_Exercise description_: Reproduce every entry word for word. Drop all pictures from the copy.
Input data Block Start
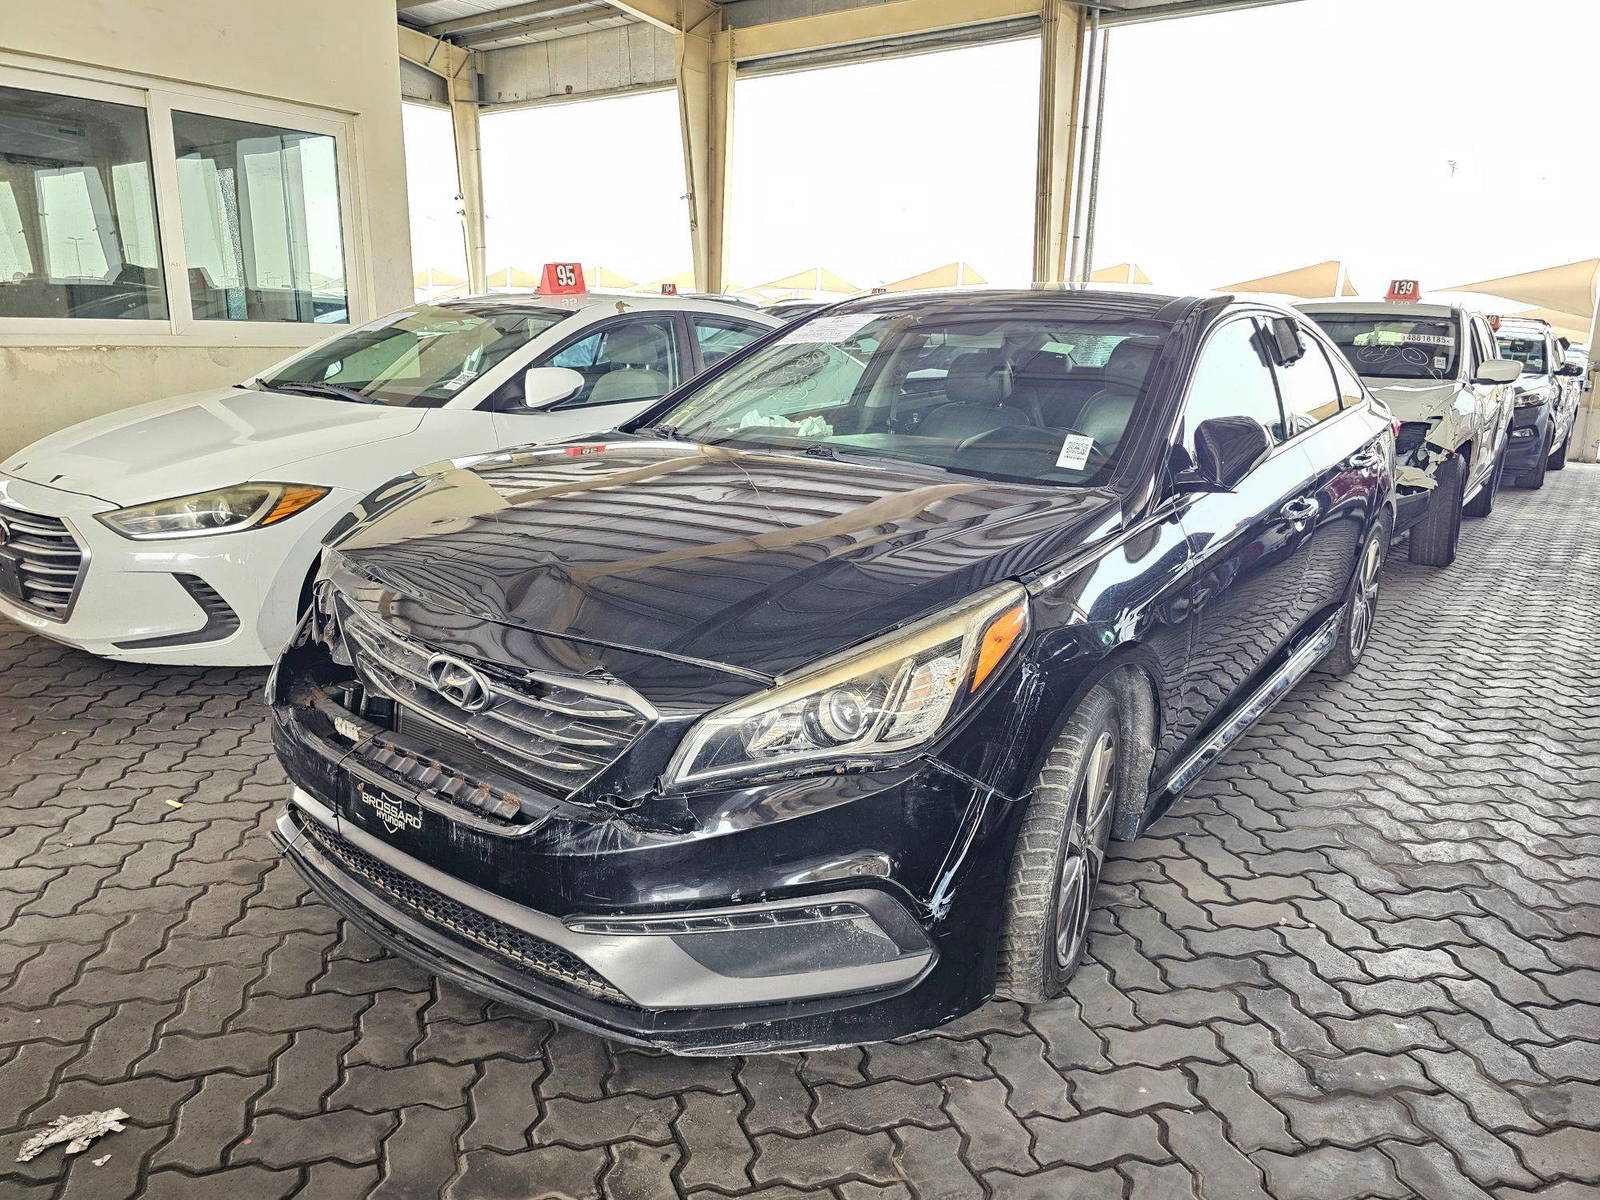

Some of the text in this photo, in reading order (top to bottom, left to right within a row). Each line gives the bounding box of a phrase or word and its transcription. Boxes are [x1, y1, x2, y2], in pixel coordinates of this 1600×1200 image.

[556, 264, 576, 286] 95
[1393, 280, 1414, 295] 139
[362, 791, 422, 829] BROSSARD
[376, 809, 406, 831] HYUNDAI
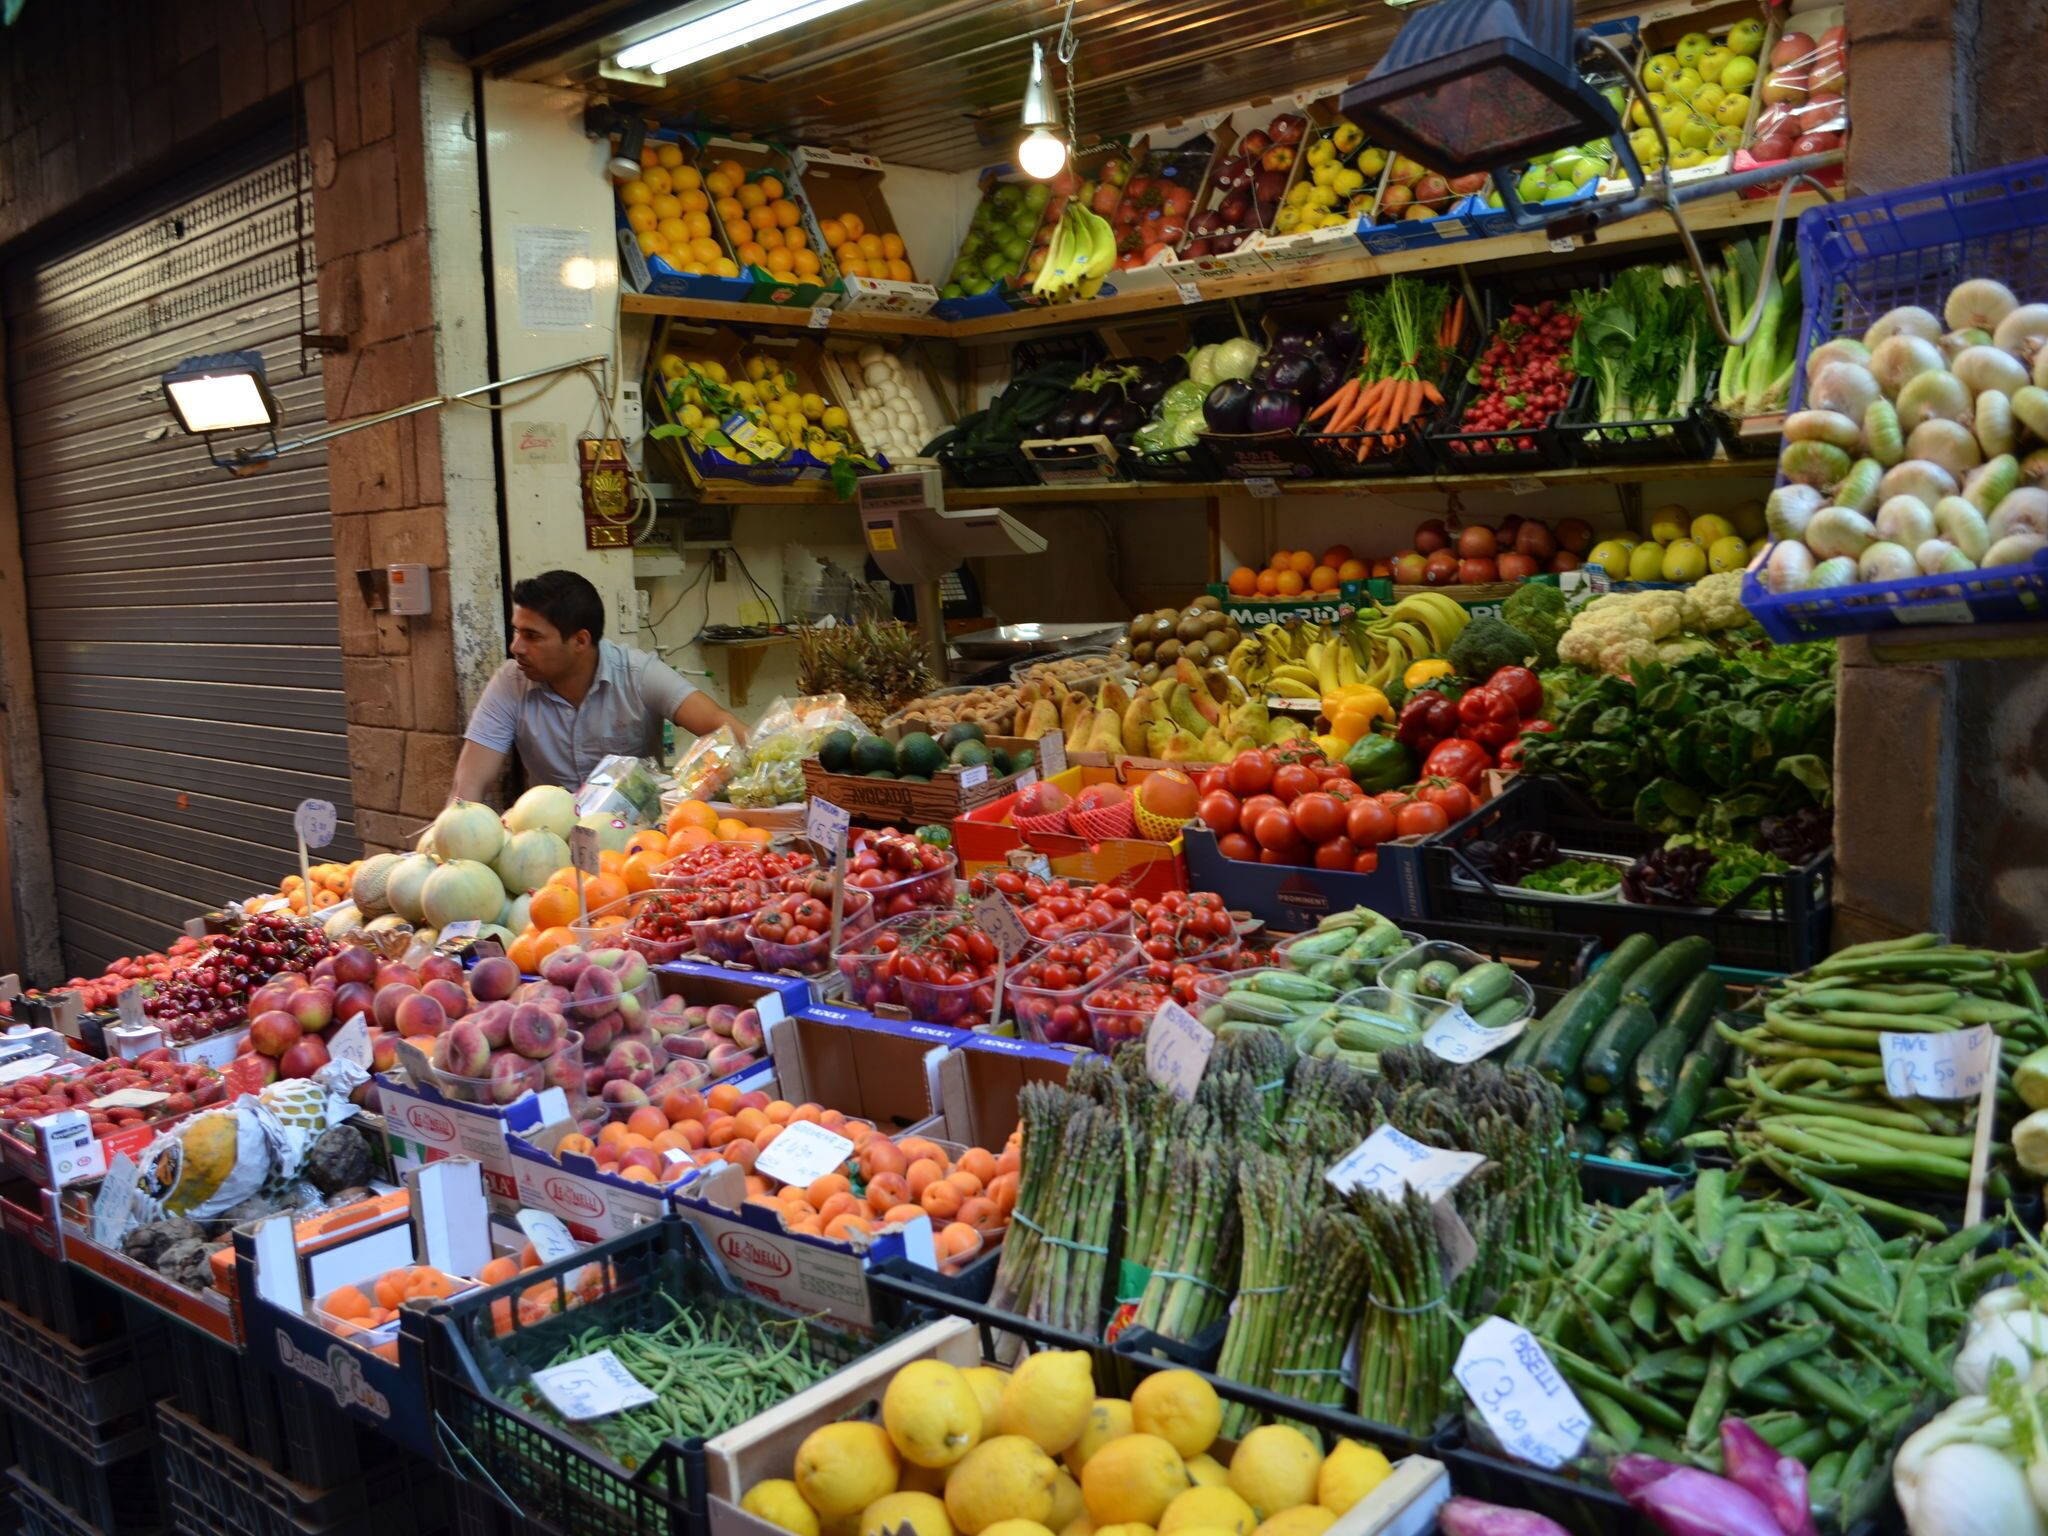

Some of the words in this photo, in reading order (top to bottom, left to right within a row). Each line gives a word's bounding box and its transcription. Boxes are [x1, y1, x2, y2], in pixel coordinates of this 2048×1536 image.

[1230, 606, 1341, 626] MelaPiù
[852, 787, 913, 805] AVOCADO
[1277, 894, 1327, 906] PROMINENT
[807, 1007, 848, 1021] VIGNOLA
[910, 1025, 956, 1039] VIGNOLA
[977, 1037, 1023, 1051] VIGNOLA
[1891, 1035, 1929, 1052] FAVE
[727, 1237, 784, 1273] LEONELLI
[279, 1331, 338, 1388] DEMETRA
[1510, 1332, 1562, 1398] PISELLI
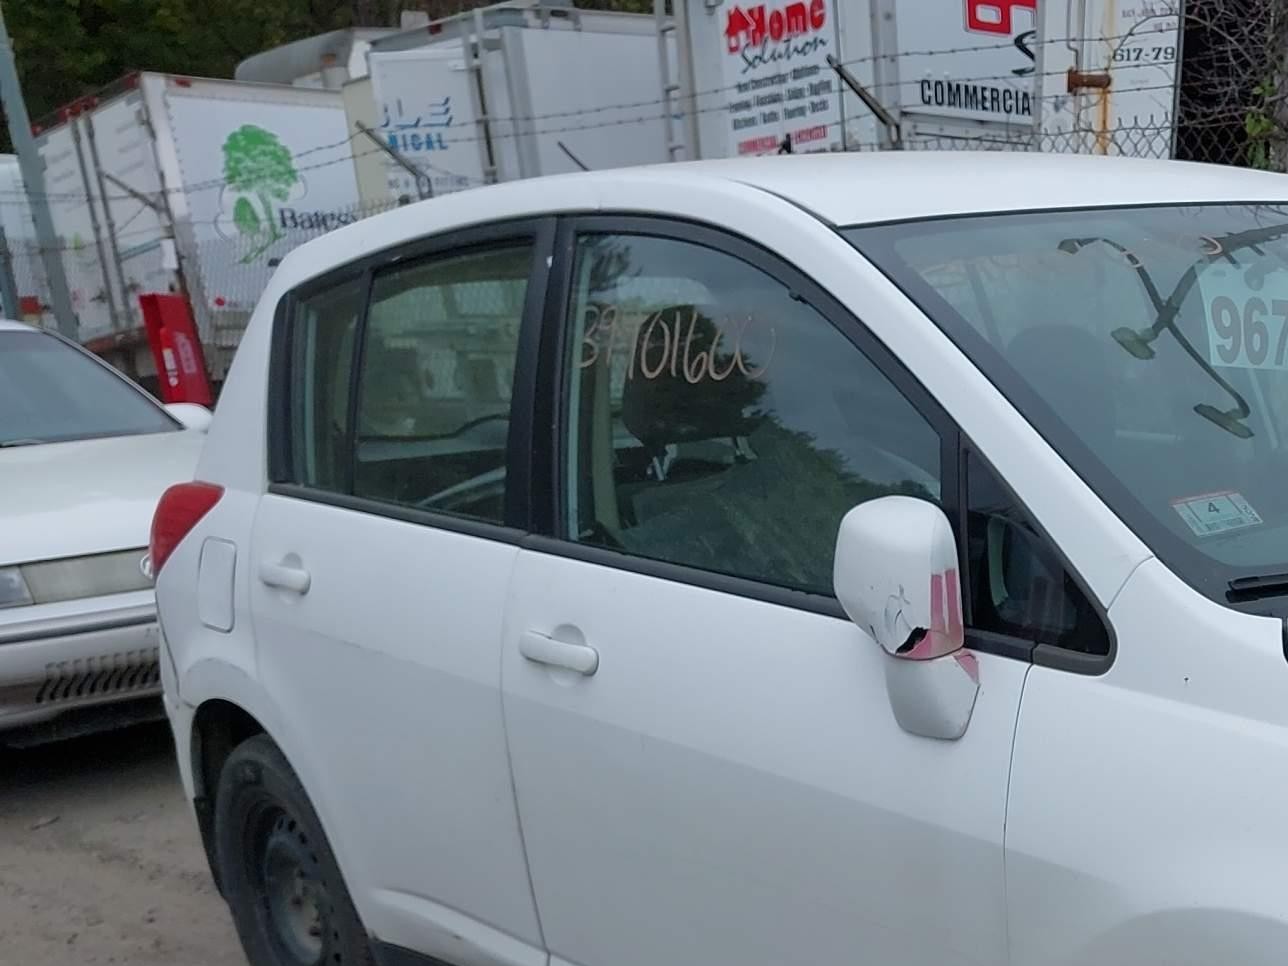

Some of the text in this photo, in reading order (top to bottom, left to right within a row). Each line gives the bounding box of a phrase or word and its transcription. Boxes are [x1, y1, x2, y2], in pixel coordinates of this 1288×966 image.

[738, 0, 826, 48] Home
[741, 36, 828, 74] Solution
[1208, 502, 1220, 513] 4
Input data Block End
_Reply to the task_:
Some of the text in this photo, in reading order (top to bottom, left to right within a row). Each line gives the bounding box of a phrase or word and its transcription. Boxes are [x1, y1, x2, y2], in pixel coordinates of this 1600×1200 image.

[556, 264, 576, 286] 95
[1393, 280, 1414, 295] 139
[362, 791, 422, 829] BROSSARD
[376, 809, 406, 831] HYUNDAI

Some of the words in this photo, in reading order (top to bottom, left to right within a row). Each line gives a word's bounding box and its transcription. Boxes are [x1, y1, x2, y2], in pixel coordinates of this 2048×1536 image.

[1230, 606, 1341, 626] MelaPiù
[852, 787, 913, 805] AVOCADO
[1277, 894, 1327, 906] PROMINENT
[807, 1007, 848, 1021] VIGNOLA
[910, 1025, 956, 1039] VIGNOLA
[977, 1037, 1023, 1051] VIGNOLA
[1891, 1035, 1929, 1052] FAVE
[727, 1237, 784, 1273] LEONELLI
[279, 1331, 338, 1388] DEMETRA
[1510, 1332, 1562, 1398] PISELLI

Some of the text in this photo, in reading order (top to bottom, left to right within a row). Each line gives the bounding box of a phrase or word and its transcription. Boxes are [x1, y1, x2, y2], in pixel coordinates of this 1288×966 image.

[738, 0, 826, 48] Home
[741, 36, 828, 74] Solution
[1208, 502, 1220, 513] 4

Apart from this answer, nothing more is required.